What makes this an ingenious technique for a comedy is in the way Allen is able to juxtapose scenes for maximum effect.  For instance, he recalls that he was a “reasonably happy” kid, and that immediately cuts to a scene of his mother complaining to her doctor that the boy’s been depressed.  Or Christopher Walken’s strange speech, which turns out to be one of the funniest moments of the movie…but you don’t realize it until you view the scene that follows it.

In other words, Allen has found a way to tell a comic tale in a purely cinematic way.  Through careful editing and scene construction, he creates and heightens the humor in a way no other medium could do.  But he also finds creative ways to make other techniques work for his comedy as well.  There are two hysterically clever uses of split screen, one involving Alvy (Allen) and Annie (Keaton) in joint therapy sessions.  The way these two scenes build off one another simultaneously is incredibly funny.  An even better one occurs earlier, where the two sides of the screen show the marked differences between Annie’s family dinner and Alvy’s.  The juxtaposition is funny enough alone.  But when both sides start talking to one another across the split screen, it gets even better.

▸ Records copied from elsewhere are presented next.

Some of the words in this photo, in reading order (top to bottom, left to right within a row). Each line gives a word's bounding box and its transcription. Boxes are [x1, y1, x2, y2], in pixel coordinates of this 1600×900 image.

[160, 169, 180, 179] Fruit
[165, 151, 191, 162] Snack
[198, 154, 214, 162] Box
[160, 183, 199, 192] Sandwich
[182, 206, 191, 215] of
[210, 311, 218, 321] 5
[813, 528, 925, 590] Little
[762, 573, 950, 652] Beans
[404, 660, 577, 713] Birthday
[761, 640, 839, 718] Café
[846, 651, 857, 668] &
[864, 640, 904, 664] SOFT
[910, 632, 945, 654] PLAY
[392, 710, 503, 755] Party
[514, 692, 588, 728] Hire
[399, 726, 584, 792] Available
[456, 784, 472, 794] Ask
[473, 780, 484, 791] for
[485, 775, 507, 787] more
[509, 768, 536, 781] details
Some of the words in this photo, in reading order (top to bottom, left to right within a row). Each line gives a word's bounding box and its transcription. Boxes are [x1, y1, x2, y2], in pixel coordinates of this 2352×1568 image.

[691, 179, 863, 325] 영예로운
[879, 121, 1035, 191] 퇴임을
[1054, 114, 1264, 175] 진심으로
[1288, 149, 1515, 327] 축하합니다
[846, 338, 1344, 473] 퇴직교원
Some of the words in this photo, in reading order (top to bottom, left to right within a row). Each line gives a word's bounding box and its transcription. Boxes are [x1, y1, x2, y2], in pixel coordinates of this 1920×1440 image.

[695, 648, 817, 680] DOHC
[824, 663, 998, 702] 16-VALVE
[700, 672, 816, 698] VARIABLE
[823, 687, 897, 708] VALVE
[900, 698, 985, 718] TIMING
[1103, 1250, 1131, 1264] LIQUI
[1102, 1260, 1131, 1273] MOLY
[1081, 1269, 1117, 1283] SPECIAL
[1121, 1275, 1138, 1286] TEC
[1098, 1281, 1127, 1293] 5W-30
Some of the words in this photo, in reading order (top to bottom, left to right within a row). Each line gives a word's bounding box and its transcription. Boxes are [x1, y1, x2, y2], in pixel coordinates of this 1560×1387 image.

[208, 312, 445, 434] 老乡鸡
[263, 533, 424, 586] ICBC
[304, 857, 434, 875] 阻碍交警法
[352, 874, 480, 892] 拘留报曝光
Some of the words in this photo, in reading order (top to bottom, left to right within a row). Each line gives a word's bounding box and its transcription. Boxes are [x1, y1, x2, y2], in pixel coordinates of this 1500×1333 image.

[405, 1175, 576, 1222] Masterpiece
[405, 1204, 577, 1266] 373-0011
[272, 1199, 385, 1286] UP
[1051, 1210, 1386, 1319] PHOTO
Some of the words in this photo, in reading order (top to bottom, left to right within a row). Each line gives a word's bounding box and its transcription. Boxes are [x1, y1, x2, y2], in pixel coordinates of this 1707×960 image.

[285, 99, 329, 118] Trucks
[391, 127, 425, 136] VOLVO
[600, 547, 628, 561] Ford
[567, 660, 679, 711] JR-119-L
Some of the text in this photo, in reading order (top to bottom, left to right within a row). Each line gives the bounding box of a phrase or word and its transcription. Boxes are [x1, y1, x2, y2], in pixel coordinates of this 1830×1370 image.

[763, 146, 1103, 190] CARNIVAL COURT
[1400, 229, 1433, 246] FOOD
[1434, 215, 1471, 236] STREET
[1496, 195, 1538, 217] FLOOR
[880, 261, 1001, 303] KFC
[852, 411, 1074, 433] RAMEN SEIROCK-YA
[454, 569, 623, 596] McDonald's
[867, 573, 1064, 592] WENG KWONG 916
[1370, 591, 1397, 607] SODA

And it doesn’t stop there.  Allen also throws in a bit of animation for good measure.  And finally, his method of constantly removing the “fourth wall”, stepping out of his own scenes to address the audience, are brilliant.  The scene on line at the New Yorker is one of the best examples, and one of the most shining moments to come out of the art of film comedy.

But the technique always serves the story, rather than dominate it.  And at the heart of this film is an often comical, sometimes touching, and amazingly honest look at a couple that comes together and eventually grows apart.  The fracturing of the time line is never hard to follow, and serves the script perfectly, leading the audience from moment to moment and back again.  Sifting through the past is rarely ever a linear experience, anyway.

And the screenplay, by Woody Allen and Marshall Brickman, is one of the funniest and most brilliant ever penned.  We get inside these characters, and understand what makes them tick.  What they do in comedy often expresses something in our own memory or experience.  I always like the scene early on, where Alvy and Annie share a funny moment in the kitchen with some escaping lobsters.  Later, near the end of the film, we see the same scenario with Avly and another woman, who doesn’t get into the spirit of it.  It’s a failed attempt to recreate a magical shared memory, and it’s both funny and a little moving.

With this picture, Woody Allen achieved something Scorsese, Kubrick, Hitchcock and other influential directors have not.  He received a Best Director Oscar.  The film also won honors for Best Picture, Best Screenplay, and a well deserved Best Actress for Diane Keaton.  The fact that Allen was also nominated for Best Actor made him the first person nominated for writing, acting and directing a film since Orson Welles did it with Citizen Kane.

Not many comedies win the coveted statue anymore, but there’s a good reason this one did.  Not only was it funny, but it was revolutionary in proving that a comic film could also be a deep, complex, rich and cinematic work of art.

Video **1/2

Overall, the disc is good enough, but not as good as I had hoped.  Many scenes are striking and beautifully rendered, others come across a bit soft, with a little bit of noticeable grain from time to time.  The print is fairly good, but it still shows its age from time to time in the form of nicks, scars and debris.  I actually found this an interesting disc to compare the widescreen and standard versions on.  The standard version is an open matte full frame, and a quick look at both sides really demonstrate how much more organized the framed widescreen version comes across. 

Audio **

The soundtrack is an unremarkable mono mix, typical of all Woody Allen films, which serves the dialogue and considerable lack of music well enough.

Features *

Only a trailer.


Annie Hall is a landmark comedy, and one of the best American films ever made.  In an era that can’t seem to get enough of the formulized romantic comedy, this is a picture that delights in both breaking conventions and playing to the audience’s intelligence, and in presenting a relationship in an honest, but still comic, way.  It’s Woody Allen’s masterpiece.